(Dataset entries)
● ● ● ● ● ● ●

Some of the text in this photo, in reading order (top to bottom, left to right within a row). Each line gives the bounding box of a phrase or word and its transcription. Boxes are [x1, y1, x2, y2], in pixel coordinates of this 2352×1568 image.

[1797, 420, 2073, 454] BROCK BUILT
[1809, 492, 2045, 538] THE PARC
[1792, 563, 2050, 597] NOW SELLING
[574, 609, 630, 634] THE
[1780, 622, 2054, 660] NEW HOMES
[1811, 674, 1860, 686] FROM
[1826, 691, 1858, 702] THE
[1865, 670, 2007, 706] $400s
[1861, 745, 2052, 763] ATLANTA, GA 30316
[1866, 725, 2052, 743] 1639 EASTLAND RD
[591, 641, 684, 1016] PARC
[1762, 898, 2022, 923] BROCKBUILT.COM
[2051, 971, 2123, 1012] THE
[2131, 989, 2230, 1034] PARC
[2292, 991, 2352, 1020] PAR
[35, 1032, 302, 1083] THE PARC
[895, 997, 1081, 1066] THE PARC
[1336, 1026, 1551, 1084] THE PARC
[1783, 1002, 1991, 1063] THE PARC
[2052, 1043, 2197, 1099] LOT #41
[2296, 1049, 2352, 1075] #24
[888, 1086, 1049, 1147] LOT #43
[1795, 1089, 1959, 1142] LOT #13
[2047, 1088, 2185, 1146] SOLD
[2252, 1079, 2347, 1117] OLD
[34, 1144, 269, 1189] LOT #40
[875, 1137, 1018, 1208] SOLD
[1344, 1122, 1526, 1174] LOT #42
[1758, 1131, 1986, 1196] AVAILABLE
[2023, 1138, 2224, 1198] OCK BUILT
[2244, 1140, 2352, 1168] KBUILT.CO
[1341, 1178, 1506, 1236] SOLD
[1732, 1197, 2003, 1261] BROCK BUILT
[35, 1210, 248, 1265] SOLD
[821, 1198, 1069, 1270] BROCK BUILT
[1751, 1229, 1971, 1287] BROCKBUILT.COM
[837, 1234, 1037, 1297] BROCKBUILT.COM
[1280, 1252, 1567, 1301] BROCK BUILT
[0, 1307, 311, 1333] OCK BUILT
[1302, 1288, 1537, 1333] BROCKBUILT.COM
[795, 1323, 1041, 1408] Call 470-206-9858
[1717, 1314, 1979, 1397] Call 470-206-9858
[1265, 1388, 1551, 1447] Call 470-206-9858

● ● ● ● ● ● ●

= EXERCISE DESCRIPTION =
Could all of the entries be retyped word for word?

= ANSWER FOR THIS EXERCISE =
Some of the text in this photo, in reading order (top to bottom, left to right within a row). Each line gives the bounding box of a phrase or word and its transcription. Boxes are [x1, y1, x2, y2], in pixel coordinates of this 2352×1568 image.

[1797, 420, 2073, 454] BROCK BUILT
[1809, 492, 2045, 538] THE PARC
[1792, 563, 2050, 597] NOW SELLING
[574, 609, 630, 634] THE
[1780, 622, 2054, 660] NEW HOMES
[1811, 674, 1860, 686] FROM
[1826, 691, 1858, 702] THE
[1865, 670, 2007, 706] $400s
[1861, 745, 2052, 763] ATLANTA, GA 30316
[1866, 725, 2052, 743] 1639 EASTLAND RD
[591, 641, 684, 1016] PARC
[1762, 898, 2022, 923] BROCKBUILT.COM
[2051, 971, 2123, 1012] THE
[2131, 989, 2230, 1034] PARC
[2292, 991, 2352, 1020] PAR
[35, 1032, 302, 1083] THE PARC
[895, 997, 1081, 1066] THE PARC
[1336, 1026, 1551, 1084] THE PARC
[1783, 1002, 1991, 1063] THE PARC
[2052, 1043, 2197, 1099] LOT #41
[2296, 1049, 2352, 1075] #24
[888, 1086, 1049, 1147] LOT #43
[1795, 1089, 1959, 1142] LOT #13
[2047, 1088, 2185, 1146] SOLD
[2252, 1079, 2347, 1117] OLD
[34, 1144, 269, 1189] LOT #40
[875, 1137, 1018, 1208] SOLD
[1344, 1122, 1526, 1174] LOT #42
[1758, 1131, 1986, 1196] AVAILABLE
[2023, 1138, 2224, 1198] OCK BUILT
[2244, 1140, 2352, 1168] KBUILT.CO
[1341, 1178, 1506, 1236] SOLD
[1732, 1197, 2003, 1261] BROCK BUILT
[35, 1210, 248, 1265] SOLD
[821, 1198, 1069, 1270] BROCK BUILT
[1751, 1229, 1971, 1287] BROCKBUILT.COM
[837, 1234, 1037, 1297] BROCKBUILT.COM
[1280, 1252, 1567, 1301] BROCK BUILT
[0, 1307, 311, 1333] OCK BUILT
[1302, 1288, 1537, 1333] BROCKBUILT.COM
[795, 1323, 1041, 1408] Call 470-206-9858
[1717, 1314, 1979, 1397] Call 470-206-9858
[1265, 1388, 1551, 1447] Call 470-206-9858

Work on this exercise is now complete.